The Migration Health Requirement
Most applicants for Australian visas must fulfil the migration Health Requirement as well as the Character Test.The criteria for health assessments are determined by the length of the person’s proposed stay, the purpose of their visit and the type of visa they are applying for. According to the Department of Immigration and Citizenships, the Health Requirement is necessary to:
- Protect the Australian community from risks to public health;
- Contain public expenditure on community services and health care
- Ensure Australian citizens have access to health care and community services that are in limited supply.
Public Interest Criteria
Under Schedule 4 of the Migration Regulations, there are three Public Interest Criteria (PIC). These are:
- PIC 4005, which applies to most visa applications, and sets out the standard migration Health Requirement criteria. These include meeting the ‘significant cost’ and ‘prejudice to access’ requirements;
- PIC 4006, which applies to long-stay skilled business visas. Under this criterion, applicants who fail to pass the health requirement have access to a waiver provided their sponsoring employer indemnifies their identified health-related costs; and
- PIC 4007, which applies to a limited number of family stream, skilled and humanitarian visa applicants. Under this criterion, applicants who fail the Health Requirement have access to a waiver consideration at the Minister’s discretion. This means the Minister can consider compelling and compassionate circumstances as well as financial and other offsets to the costs. The applicant may provide additional medical reports and other evidence of their circumstances to offset the costs that have been identified.
An applicant will not meet the health requirement if the department considers them a threat to Australia’s public health (for example, by having tuberculosis) or because they have a disease or a condition that would amount to a significant cost to the Australian community or that would prejudice the access of Australian citizens and permanent residents to health care.
Where an applicant is assessed as having such a condition, they will not receive a visa unless they are granted a health waiver The majority of permanent visa applicants do not have access to a waiver.
Who must pass the migration Health Requirement?
All applicants for permanent visas are assessed against the Health Requirement. This includes their partner and children, even if those persons are not included in the application.
Applicants for temporary visas may be required to have a medical examination, including a chest x-ray and other tests depending on the length of their proposed stay, their intended activities while in Australia and other factors.
Applicants for offshore refugee and humanitarian visas are also expected to pass the Health Requirement before being granted a visa. Applicants from this group may still be rejected on health grounds.
Where a person applies for a visa, the departmental decision-maker must assess whether the person has a significant medical condition. This can be done through self-identification by the applicant or by requiring them to undergo a medical assessment. If the person has a significant medical condition, the Medical Officer of the Commonwealth (MOC) will receive the results of their assessment and will give its opinion as to whether the person meets the Health Requirement. The decision of the MOC is usually final.

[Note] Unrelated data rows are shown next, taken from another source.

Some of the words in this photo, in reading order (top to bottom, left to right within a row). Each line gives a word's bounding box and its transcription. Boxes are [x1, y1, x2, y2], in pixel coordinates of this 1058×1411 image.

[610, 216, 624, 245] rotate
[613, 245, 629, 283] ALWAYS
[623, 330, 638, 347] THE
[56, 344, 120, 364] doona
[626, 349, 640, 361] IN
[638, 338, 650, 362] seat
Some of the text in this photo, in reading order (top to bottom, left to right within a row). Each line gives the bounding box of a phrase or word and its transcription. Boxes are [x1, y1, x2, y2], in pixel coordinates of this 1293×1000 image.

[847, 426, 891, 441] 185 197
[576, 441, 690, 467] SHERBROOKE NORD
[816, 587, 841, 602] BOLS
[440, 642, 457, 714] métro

Significant cost threshold
When it is assessing whether a person passes the Health Requirement, the MOC will determine whether the person’s illness or condition will require health care or community services whose costs will exceed the threshold for ‘significant cost’. An applicant will be found not to meet the Health Requirement if the cost of their treatment is likely to exceed $21,000.
Prejudice to access
Visa applicants are also assessed on ‘prejudice to access’. This is where an applicant’s disease or condition is likely to prejudice the access that Australian citizens or permanent residents have to health care and community services – for example, through dialysis, organ transplants, knee and hip replacements or blood/plasma products. This may also be through services such as hospital services, rehabilitation services and disability services or residential or palliative care.

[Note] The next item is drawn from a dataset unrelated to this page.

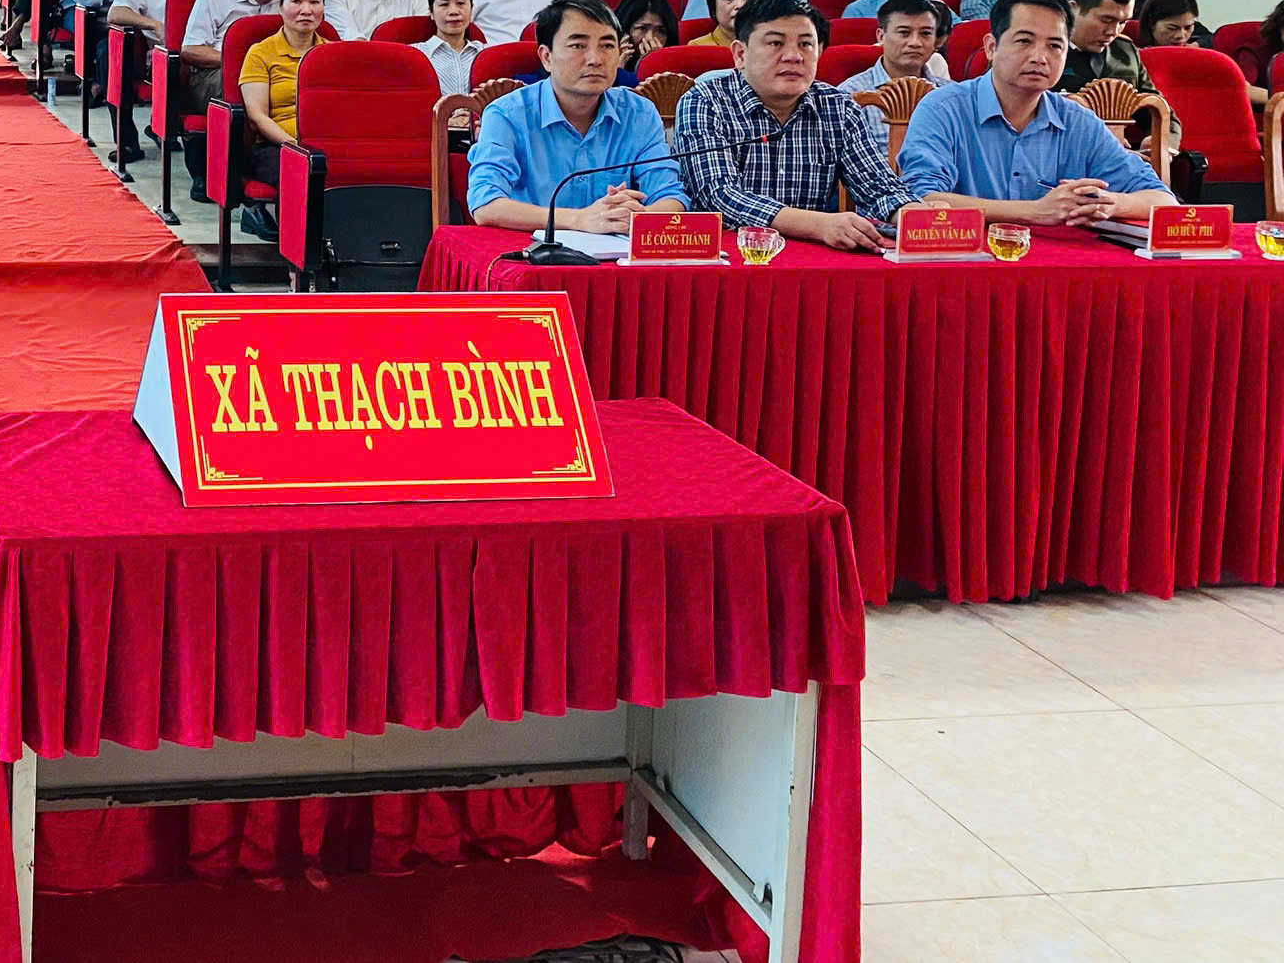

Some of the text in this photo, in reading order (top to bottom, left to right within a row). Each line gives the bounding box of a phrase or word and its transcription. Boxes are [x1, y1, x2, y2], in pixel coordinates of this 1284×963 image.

[205, 341, 564, 452] XÃ THẠCH BÌNH

Criticisms of the health requirement
The MOC is commonly criticised for habitually assessing the same condition as attracting the same costing, regardless of the level of disability the individual patient has or the level of care they receive or require. It is notoriously difficult to calculate the future costs of a disability or medical condition. The Royal Australasian College of Physicians (RACP) has expressed concern that disabled visa applicants may be rejected on the basis of untested assumptions about the future costs of their disability. It is particularly difficult to make such an assessment where the person concerned is still very young.
It has also been pointed out that the costs estimate is made regardless of whether the person will actually use health care. Furthermore, the criteria ignore the healthcare burdens posed by other factors such as obesity or alcoholism, which the migration process does not screen for. Furthermore, the opportunity to provide evidence of a person’s capacity to offset their healthcare costs is not extended to the majority of applicants.
The main criticism of the ‘prejudice to access’ principle is the assumption it carries that a person with a disability will use all the services available for that disability, rather than assessing the likely use of services by the particular individual.